Teresa’s reading includes her father, who recently died, standing by her with a bottle of his favorite liquor (but not a squid in the pot) and telling her that he condones her most recent relationship, which clues all the women into what they already secretly know — that the ever-horny Teresa is getting it somewhere. This is the reading I found to ring the falsest, because if there is anything we learned about the men on this show it is that there is never a time that they will celebrate their daughters’ sexuality.

Jennifer’s reading, however, is the most insightful. We find out that she has lots of spirit guides because her great uncle was a martyr in the Armenian genocide and was made a saint by the Pope. Yeah, you and me both, sister. She asks Jennifer if her parents are stuck in two different places. When she reveals that she recently had her father move in with her because he can no longer get involved with her mother, Gina asks, “Does she perceive herself as an abused woman?” Jennifer says yes, and the psychic advises her to recognize her mother’s pain and tell her that she is on her side as well.

I am not the biggest Jennifer Aydin fan — I’m with Marge, ranting about how she doesn’t have a live-in housekeeper is not the look, not in this economy — but I love her when she is with her family and I am fascinated by the gulf between her parents. It’s something that could have been written by Arthur Miller if he cared at all about people of color. “I haven’t been happy since before I was married,” says her mother, who was 16 and 10 years her husband’s junior when they were wed in an arranged marriage. “He never made me happy, in 48 years. I never think, Oh, I was sick that day and he made me a cup of tea. Nothing!”

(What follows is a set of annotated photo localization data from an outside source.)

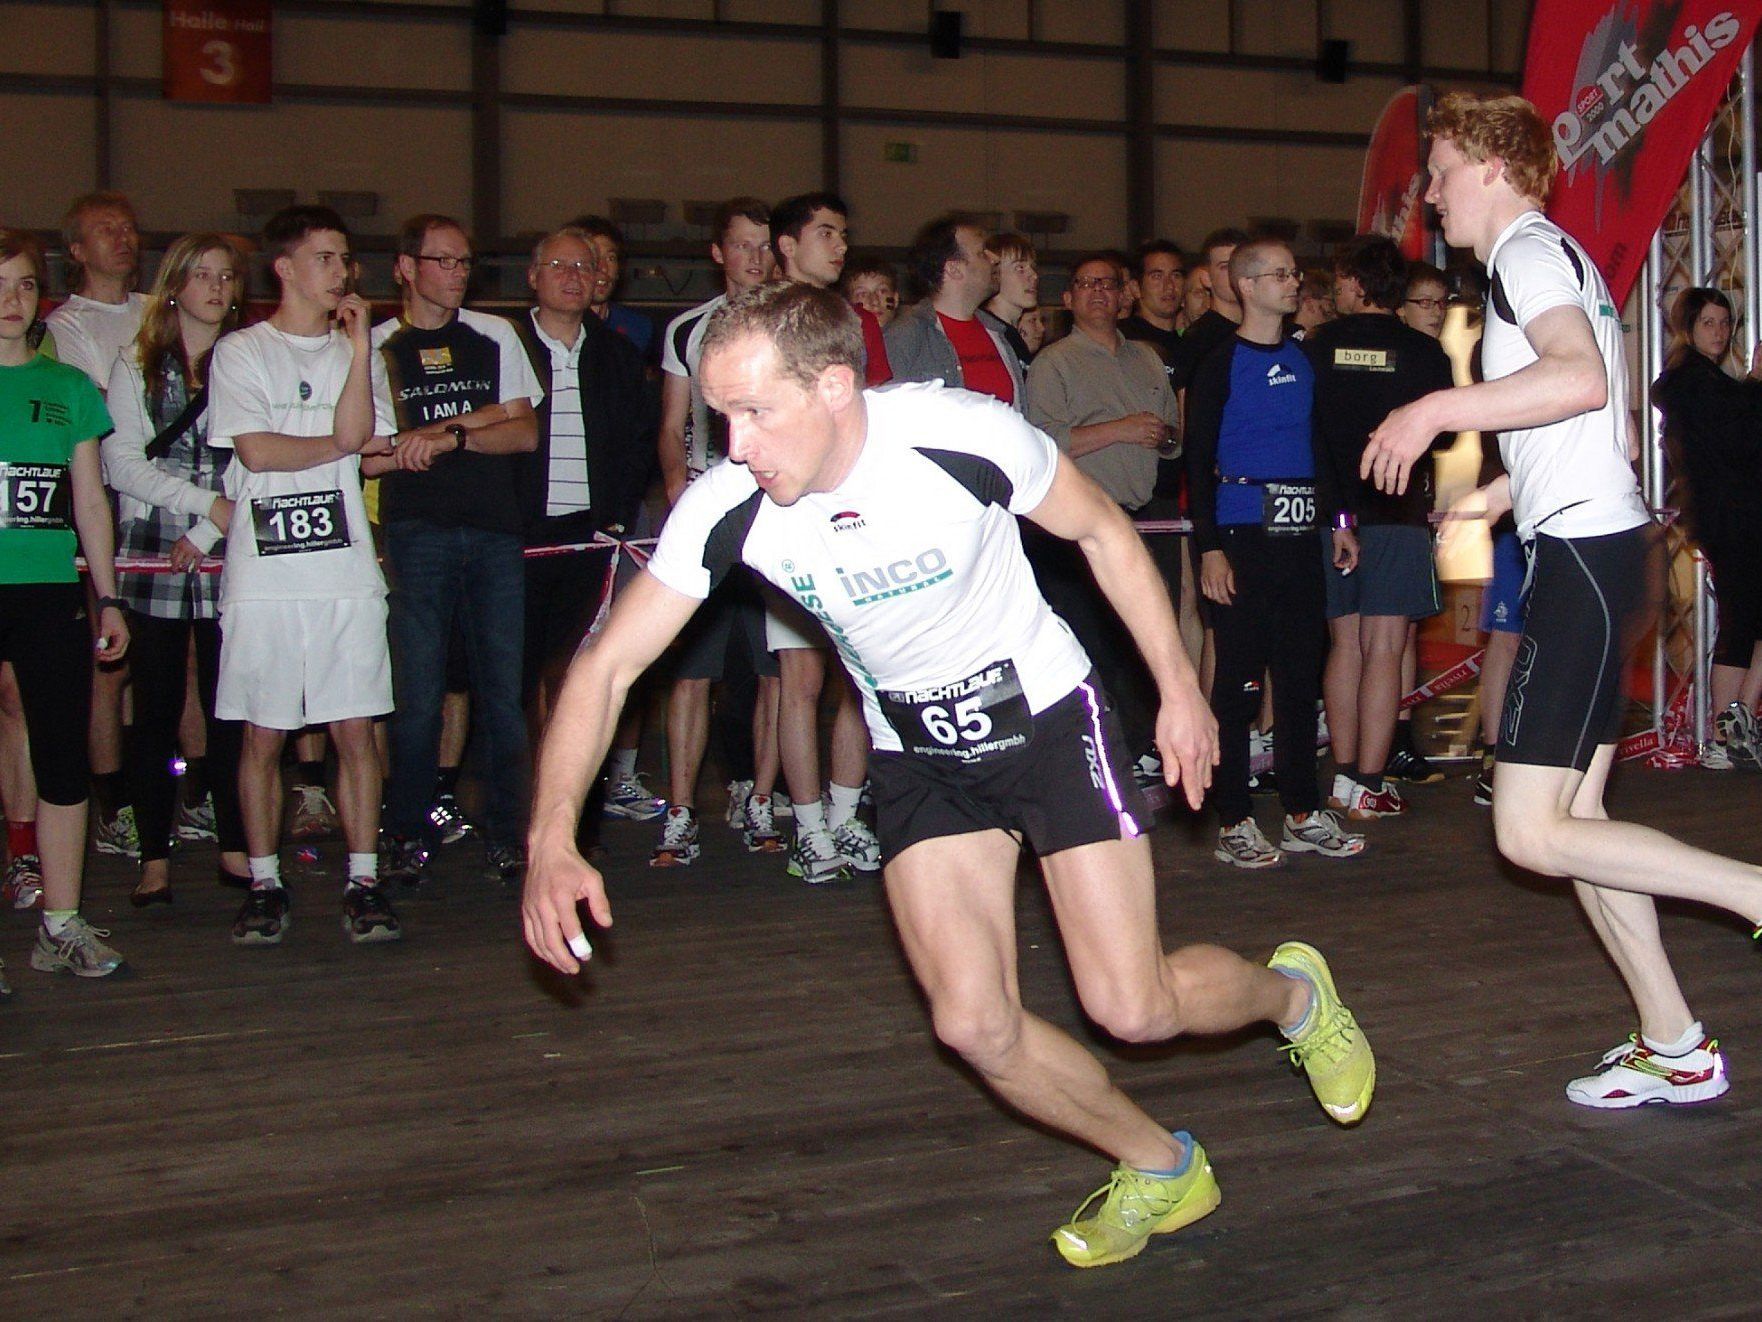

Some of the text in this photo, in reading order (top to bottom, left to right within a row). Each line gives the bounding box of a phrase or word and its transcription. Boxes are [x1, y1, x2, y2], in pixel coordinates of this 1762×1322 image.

[170, 10, 227, 30] Halle
[200, 40, 235, 85] 3
[1577, 88, 1599, 113] SPORT
[1593, 12, 1740, 166] mathis
[1344, 350, 1377, 365] borg
[1268, 374, 1297, 387] skinfit
[423, 400, 472, 421] I AM A
[1274, 496, 1316, 523] 205
[269, 506, 334, 541] 183
[833, 519, 866, 533] skinfit
[921, 695, 993, 746] 65

Her father protests by saying “You lie!” and saying that he never abused her, but she counters that some abuse isn’t physical, it’s emotional. Even Bill is wise enough to say that sometimes abuse is not taking someone’s feelings into account. He also says that she can’t compare her life back then to women’s lives now because they’re so different. But that doesn’t mean she can’t fix her life now, and it seems like Jennifer just acknowledging her mother’s pain and disappointment is a step in the right direction. As they sit out on the porch, drinking their tea and comforting each other, I just want to stay lingering in the air, like a bit of non-toxic pollen, ready to go up their noses and into their brains and steal all of their experiences for an award-winning drama of my own.

The psychic readings didn’t just have an impact there, they had an impact everywhere. Jackie talks about Esther at her family’s Rosh Hashanah dinner, where they eat matzo-ball soup and use face masks as yarmulkes. Dolores follows up about her mammogram, which found an abnormality, and talks about how she won’t tell anyone in her family until she has her results.

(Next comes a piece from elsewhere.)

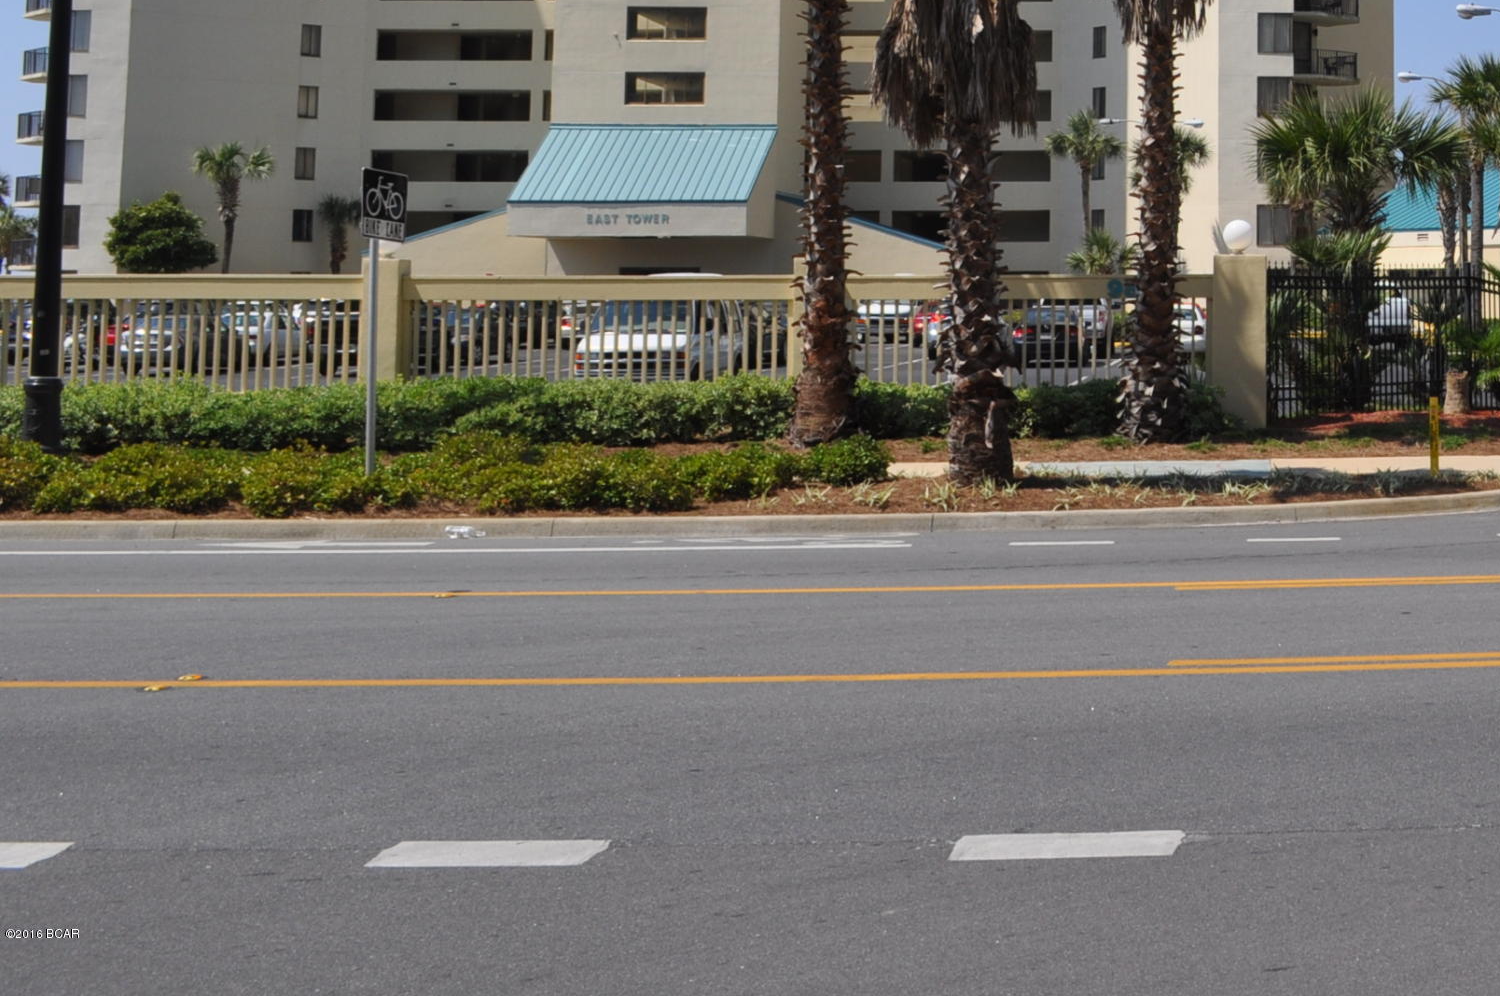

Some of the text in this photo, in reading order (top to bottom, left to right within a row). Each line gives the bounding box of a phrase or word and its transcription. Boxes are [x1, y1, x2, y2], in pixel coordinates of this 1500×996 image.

Melissa and Joe go to the famous Rails Steakhouse and eat in the basement “cave” with more than two dozen patrons who are not wearing masks and not an open window or any sense of ventilation to be seen anywhere. If only they could order two vaccines off the menu instead of spiked Arnold Palmers and truffle fries. (Free idea: a cocktail called The Vaccine that gets you so fucked up you actually want to leave your house during a pandemic.) Melissa tells Joe that she still loves him and that they are in a different phase of their marriage now that the kids are grown and she wants to be a bit more independent. Joe tells her he only gets mad because he loves her so much he never wants to lose her and never has possession and jealousy looked so romantic or so made me want to cry.

And, right then, somewhere across town, as families were mending, couples were re-coupling, and Teresa was rubbing a pineapple on her lady bits in order to make her juices taste good, all of the spirits of all the Housewives past visited Gina Marie and she woke up from a nap on her couch with a chill in her bones and money on her mind. She didn’t know if anything good would come of it, but she had seen into our futures and it was agony to behold.